Для неопытного отказника Левитина отказ, причины которого непостижимы, становится шоком. Медицинская и биологическая метафорика призвана передать непреодолимую границу между жизнью семьи до и после отказа – такая «натурализация» когнитивных и социальных процессов характерна для литературы исхода с ее склонностью к радикальным тропам: «…вся жизнь <…> сжималась, сокращалась, как тельца одноклеточных животных, превращающихся в цисту, чтобы сохранить самую основу жизни…» [Шраер-Петров 2014: 221].
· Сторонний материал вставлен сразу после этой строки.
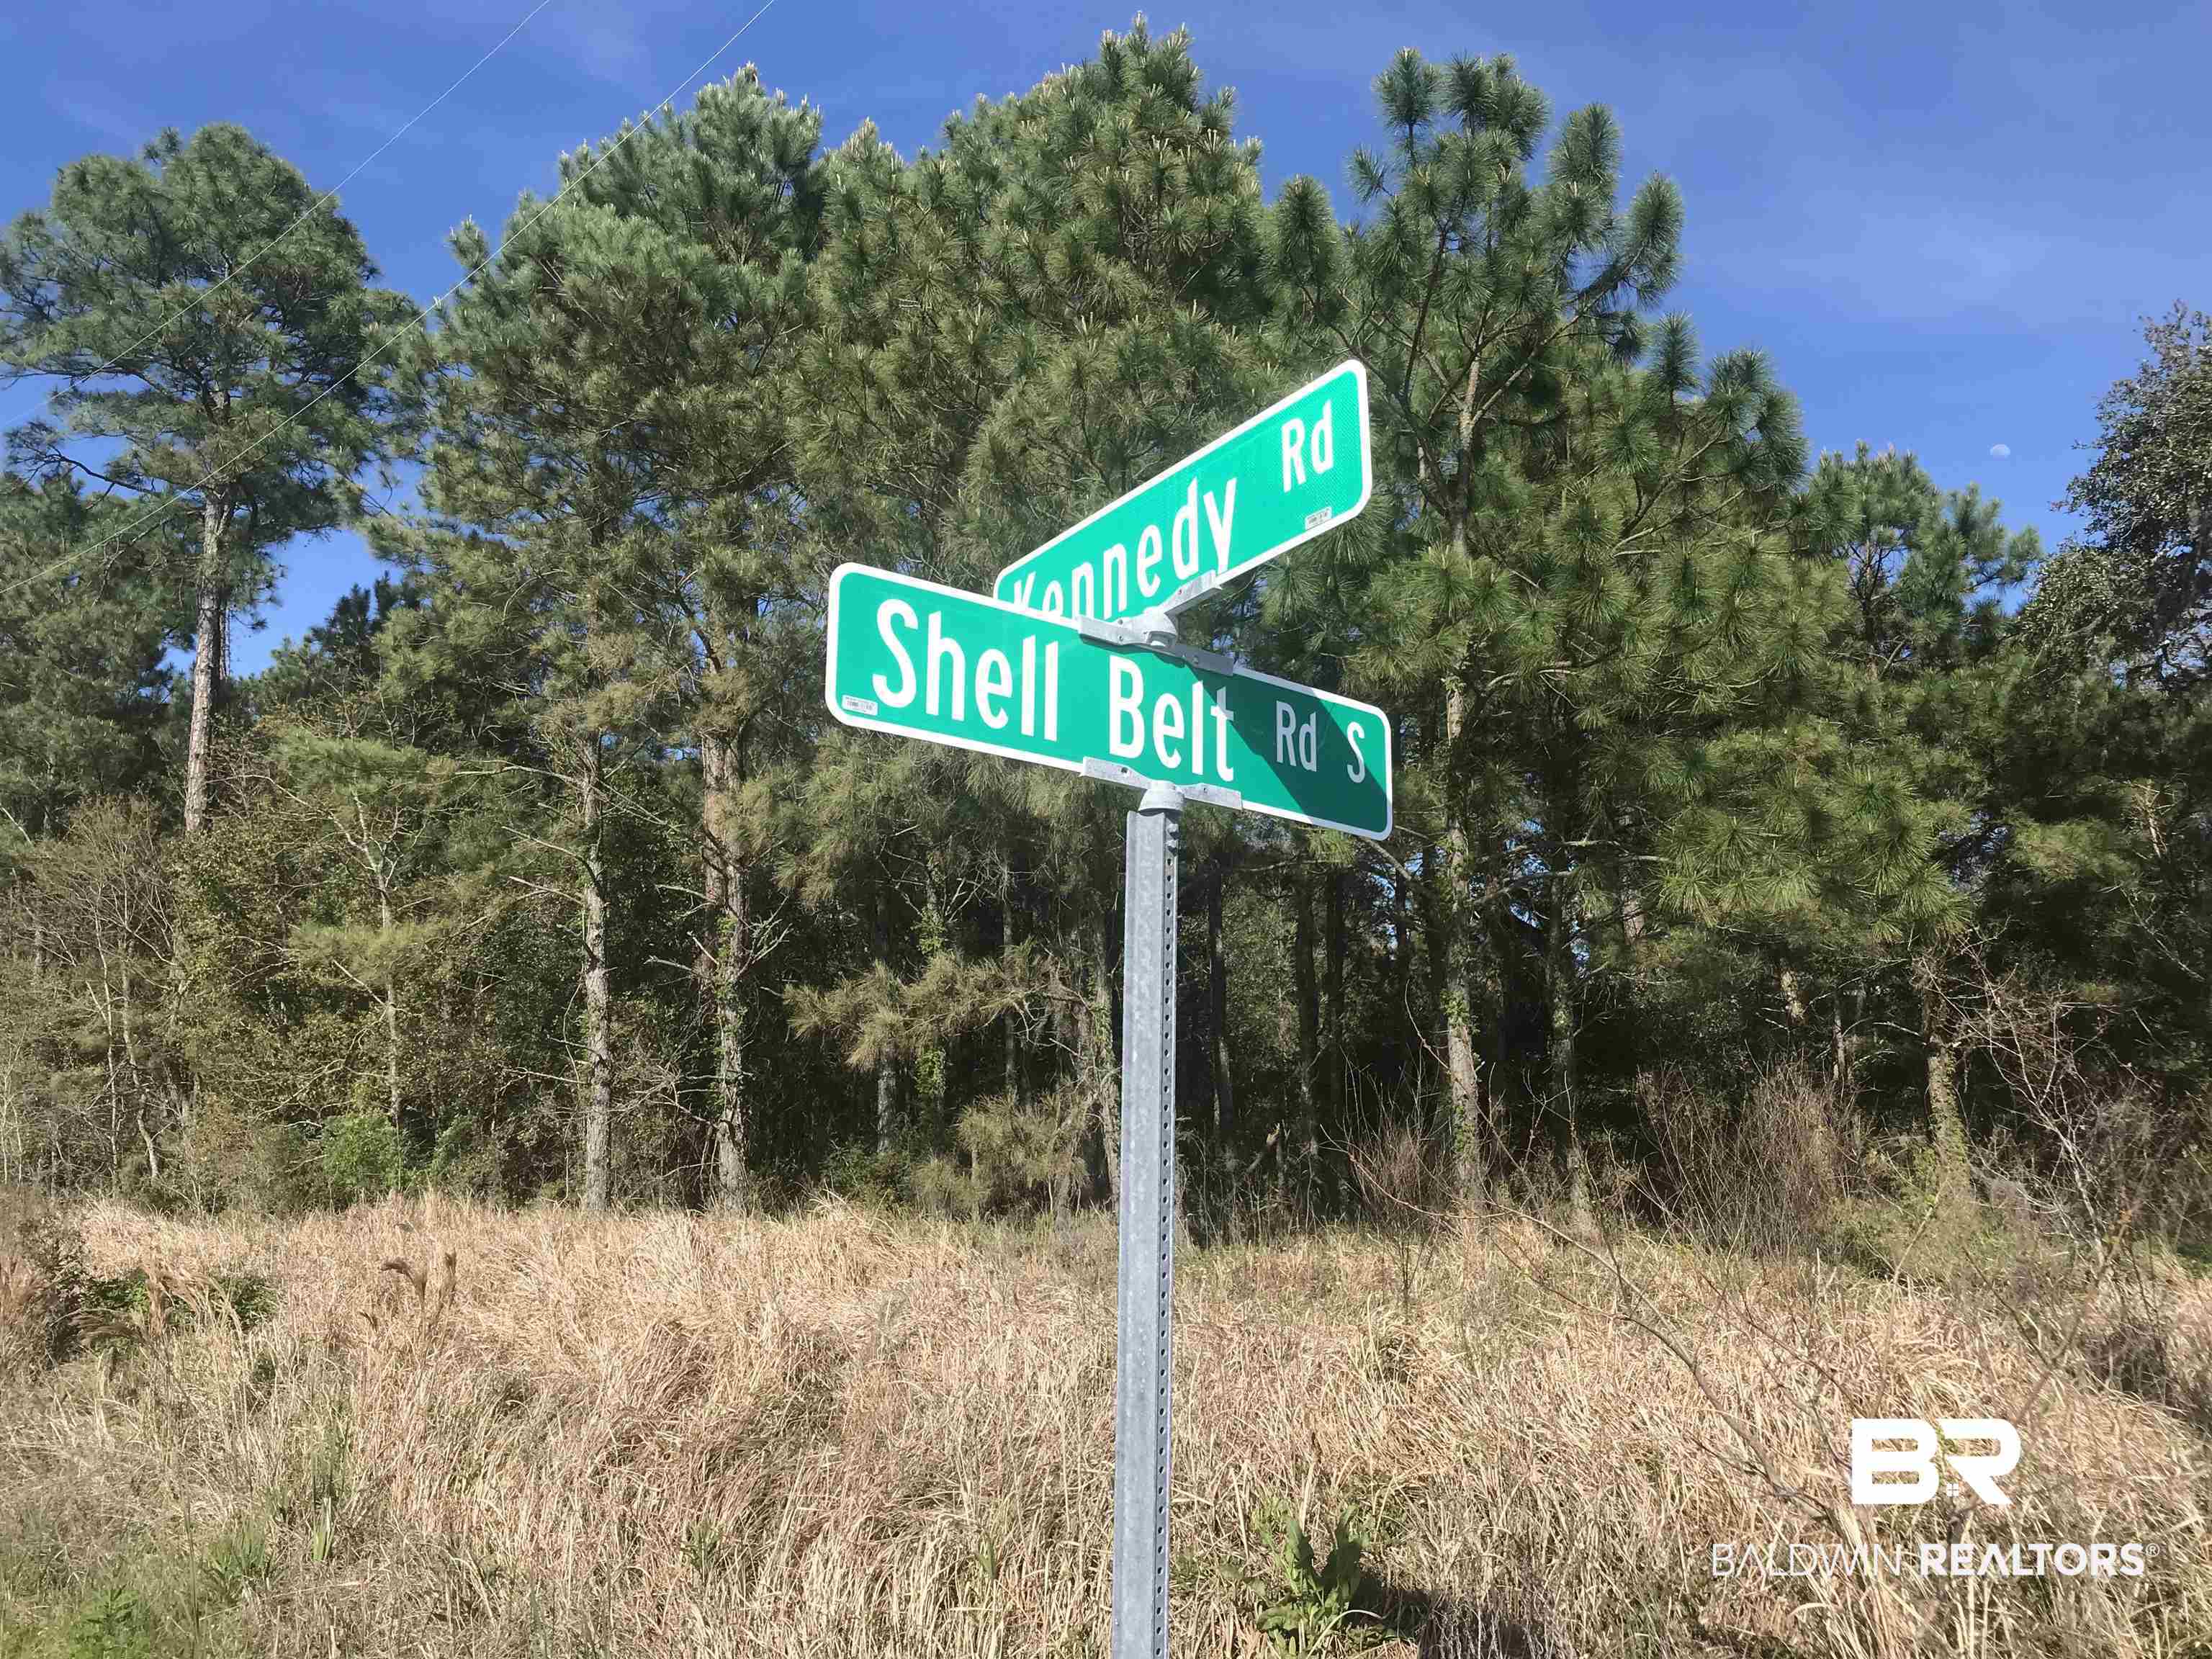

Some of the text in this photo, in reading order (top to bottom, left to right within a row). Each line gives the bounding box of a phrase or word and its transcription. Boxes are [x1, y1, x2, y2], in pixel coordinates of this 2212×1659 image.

[1281, 400, 1334, 493] Rd
[872, 598, 1365, 783] Shell Belt Rd S
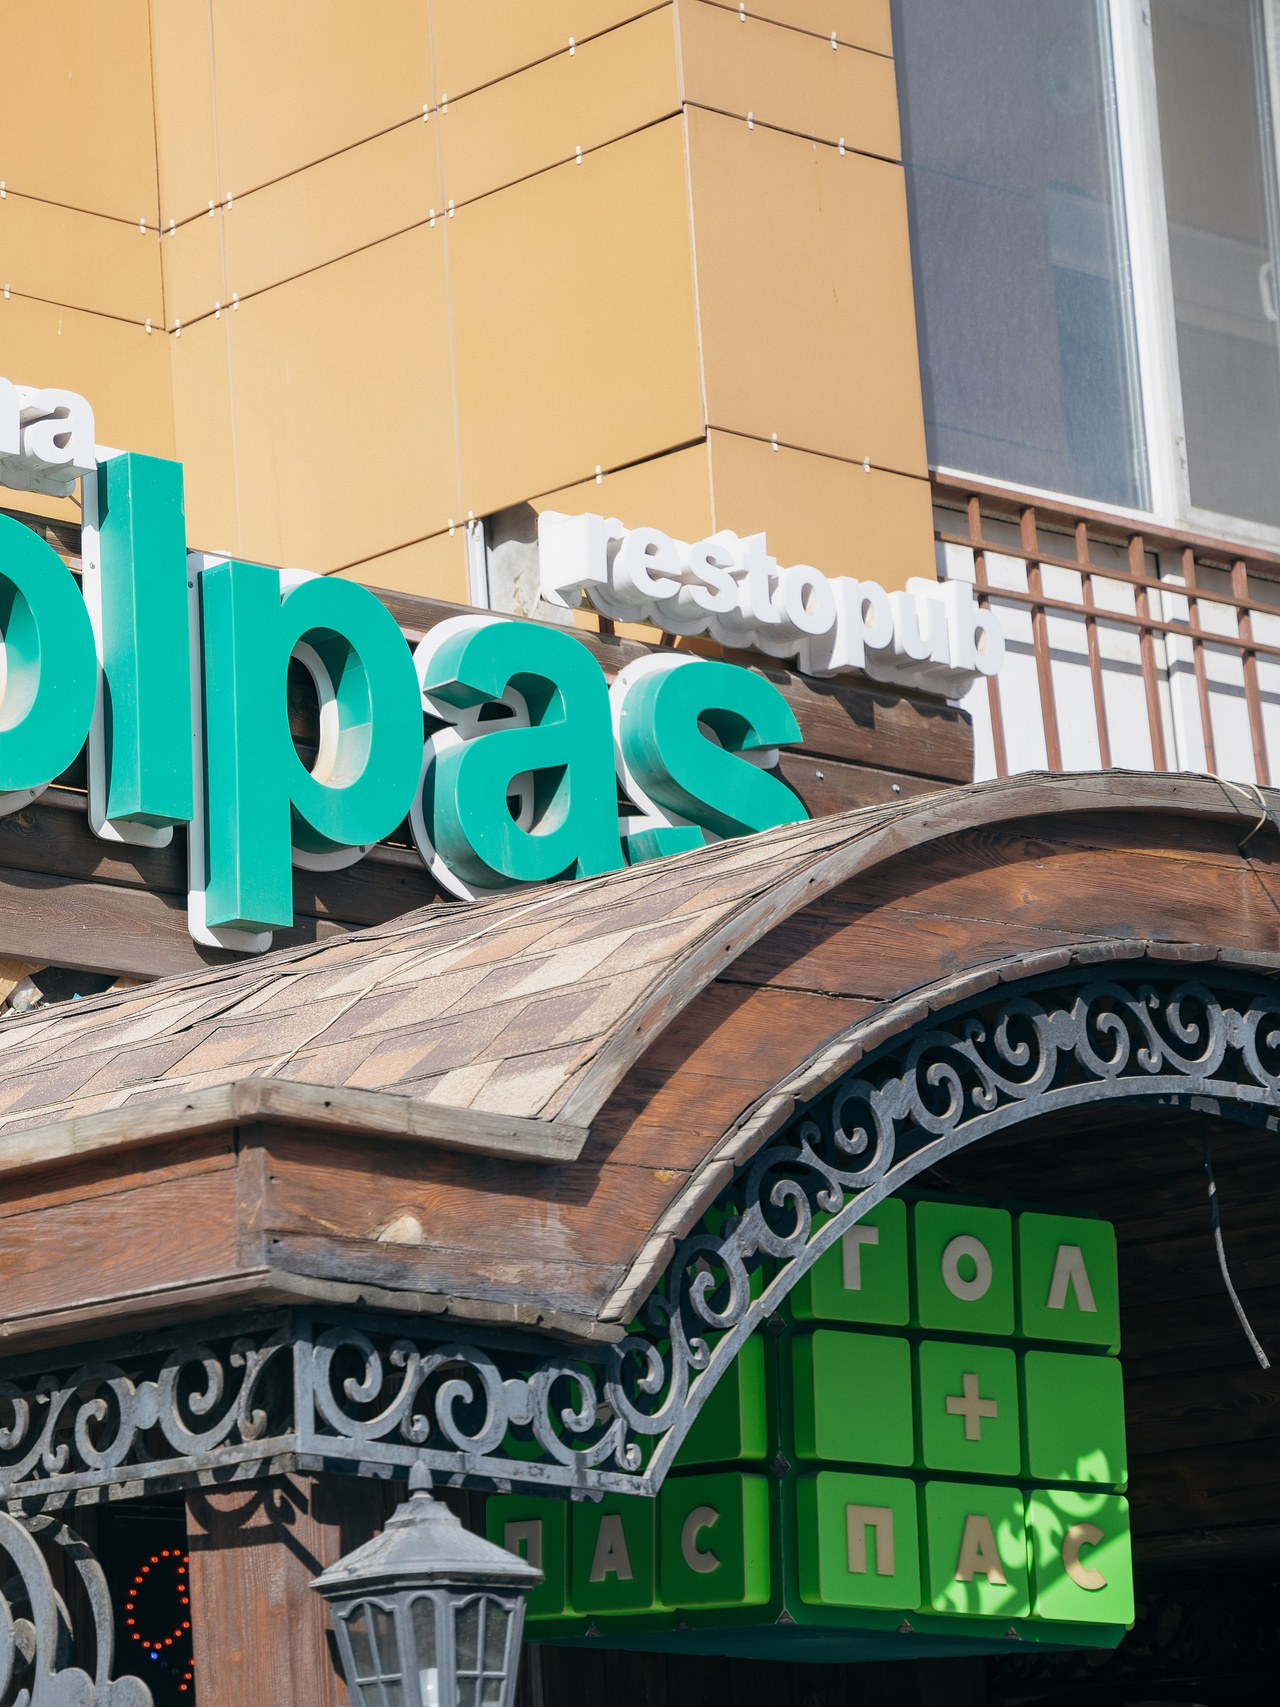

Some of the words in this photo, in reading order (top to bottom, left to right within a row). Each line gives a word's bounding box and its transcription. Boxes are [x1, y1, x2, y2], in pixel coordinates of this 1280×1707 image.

Трагедия происходит, когда призванный в армию Анатолий гибнет на войне в Афганистане. Семья разрушена; Татьяна умирает от горя и чувства вины (за свою неверность и за то, что не смогла спасти сына), психически сломленный Герберт Анатольевич до неузнаваемости обгорает во время пожара, тем самым действительно биологизировав стигму инаковости и мученичества. Пожар устраивает, видимо, сам Левитин: такова его отчаянная месть полувоображаемой, полуреальной старухе, которая отвешивает «таинственные» порошки в гомеопатической аптеке и по совместительству работает секретаршей в ОВИРе. (О мотиве еврейского отмщения см. эссе Джошуа Рубинштейна в этом сборнике.) На глазах у обезумевшего, измученного манией преследования профессора старуха превращается в отвратительную серую Сову, которая для него, подобно старухе-процентщице для Родиона Раскольникова, олицетворяет вселенское зло. Мотив бреда, до этого звучавший в тексте приглушенно, разворачивается в конце первой части, когда в приемной ОВИРа Левитин вдруг ощущает присутствие темных мистических сил и в мгновение ока теряет свое научное ratio. Так вводится смыслопорождающий для прозы эксодуса топос границы: географической, психической или метафизической. В частности, в прозе Эли Люксембурга помутнение рассудка главных героев стирает границу между реальностью и духовным миром. Конец первой части трилогии одновременно олицетворяет радость мести и окончательное безумие Левитина.
За последним видением Левитина перед вспышкой огня следуют поэтические строки из 21-го псалма Давида, проникнутые трагизмом богооставленности и отчаяния:
Я пролился, как вода; все кости мои рассыпались; сердце моё сделалось, как воск, растаяло посреди внутренности моей! Сила моя иссохла, как черепок; язык мой прильнул к гортани моей, и Ты свёл меня к персти смерти, ибо псы окружили меня; скопище злых обступило меня; пронзили руки мои и ноги мои [Шраер-Петров 2014: 295–296].